UK retailers are squeezed more than their peers in continental Europe, according to Rogier Quirijns, portfolio manager of the European Real Estate Securities Fund at Cohen & Steers.
Quirijns made the comment following the news on Thursday that the House of Fraser will close 31 – almost half of its 59 - stores in the UK. The 169-year old department store chain has proposed paying lower rents on 11 more stores via a company voluntary arrangement (CVA), claiming its portfolio was ‘unsustainable’ unless creditors agree, the Financial Times reported.
The stores scheduled for closure include HOF’s flagship London Oxford Street store. HOF’s Chinese owner, Nanjing Xinjiekou Department Store, needs the rental reductions to sell its majority stake to C.banner International, whose chairman is the brother-in-law of the chair of Nanjing Xinjiekou’s parent company.
HOF is the latest in a spate of UK retailers to announce store closures as consumers shift away from the traditional high street, Quirijns noted. UK retailers are facing rising costs due to factors including weakening sterling, on the back of an increase in national living wage, and higher business rates – a property tax set by the government based on ‘rentable value of the property’, he added.
Cyclical and structural causes
‘Revenue is increasingly difficult to maintain for retailers as UK GDP is slowing and consumers cannot fund more spending from lowering saving rates as they are already historically low. Also, consumers are experiencing negative to flat real income growth in general. In addition, consumers continue to shift spending to online competitors. Online sales continue to grow at double-digit rates, and the penetration rate at 16.4% in the UK, at year-end 2017, is among the highest in Europe. The overall retail pie is not growing at the present, but is shared amongst more retailers.’

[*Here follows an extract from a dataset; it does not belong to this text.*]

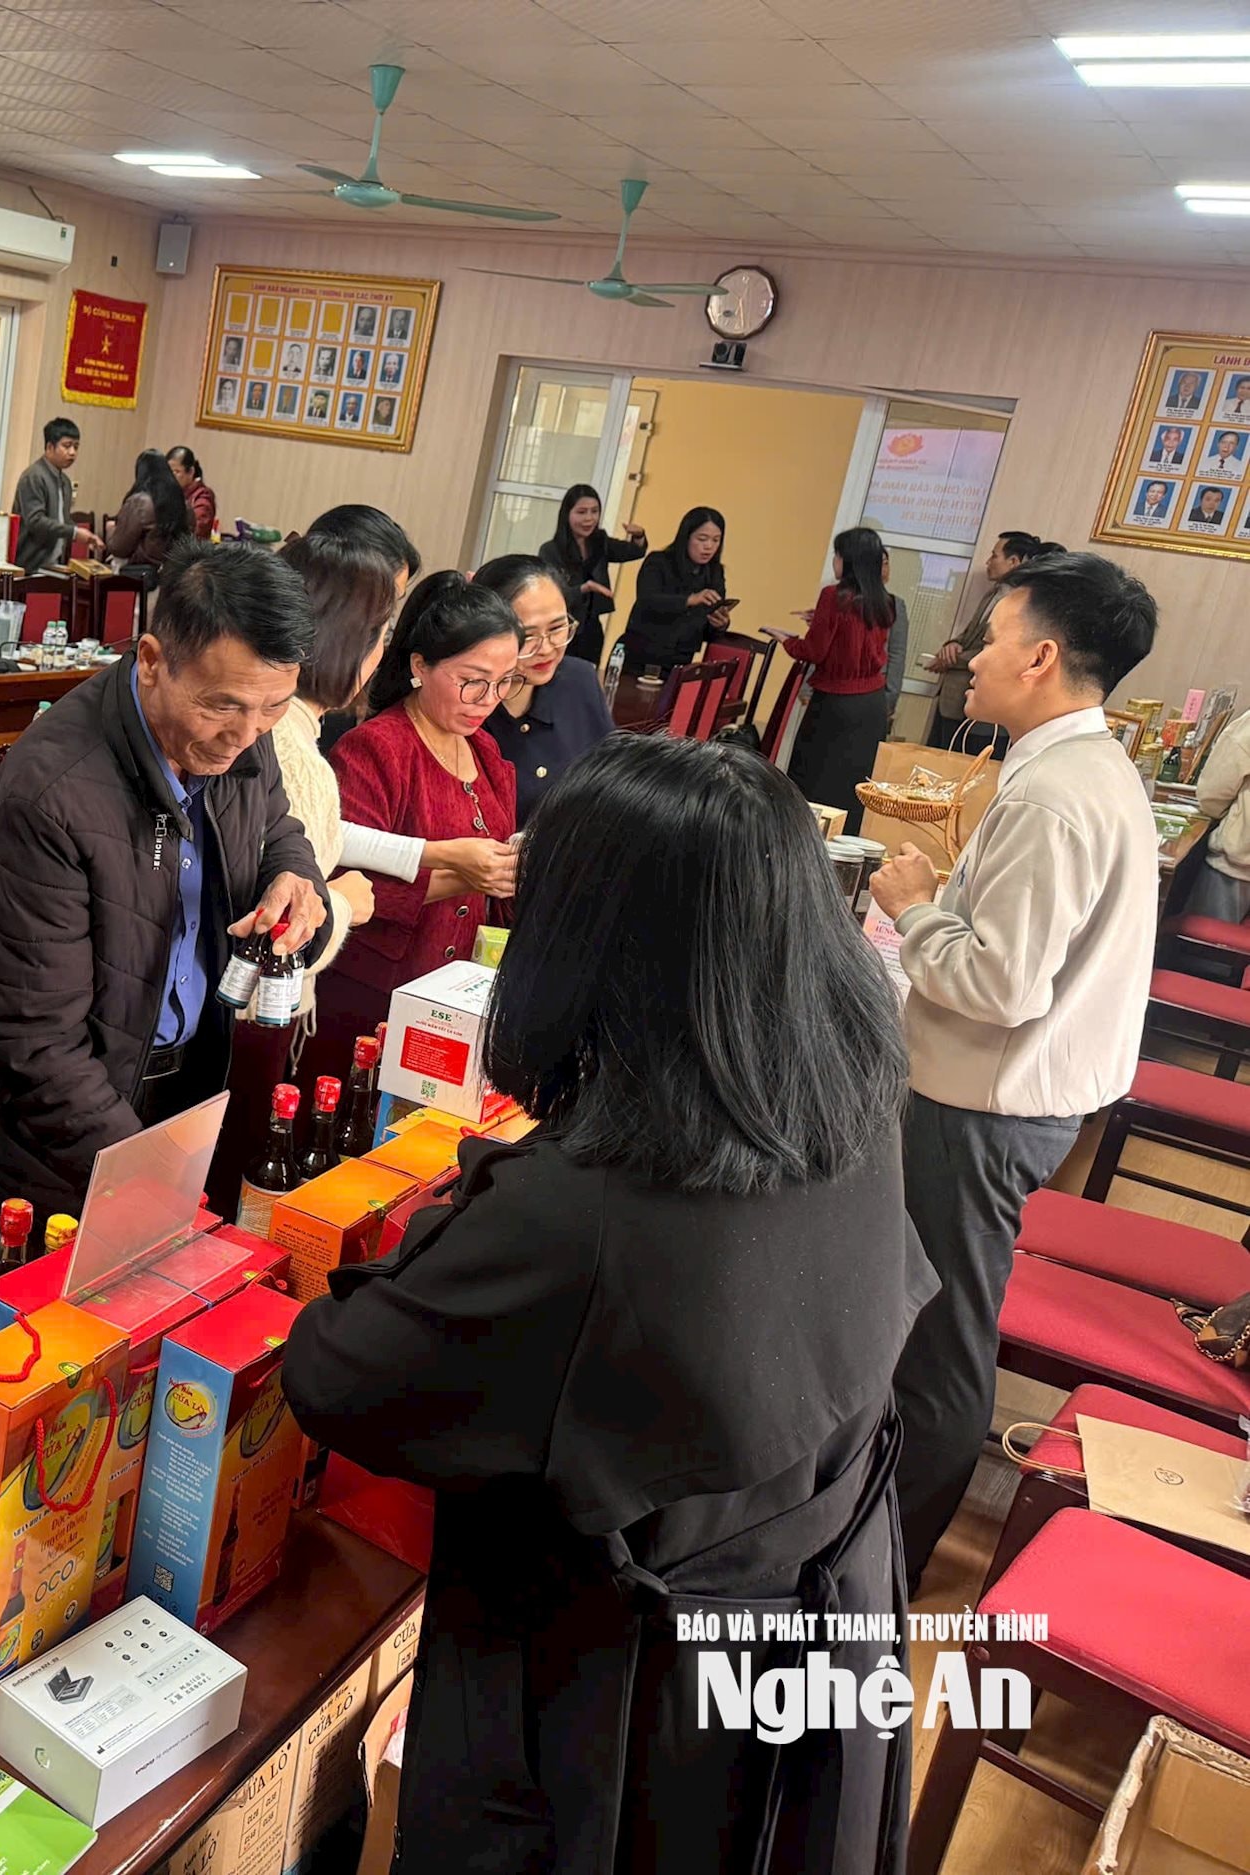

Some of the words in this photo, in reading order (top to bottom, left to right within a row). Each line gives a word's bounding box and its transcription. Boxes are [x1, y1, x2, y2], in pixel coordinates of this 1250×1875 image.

An increasing number of UK stores are trading unprofitably or failing to make the transition to omnichannel, he added. ‘Recently, we have seen an acceleration in retailers in the UK entering CVA, which enables retailers to pay back creditors over a fixed period of time and renegotiate existing lease terms. Other retailers have announced strategic plans in which store portfolios will be rationalised over the coming years.’
Quirijns said that some of the causes for store closures are cyclical, such as GDP and consumer demand. However, other causes are structural such as the transition from offline to omnichannel. ‘We expect retailers that fail to transition to omnichannel to experience a difficult trading environment and expect store closures to continue from this subset of the industry.’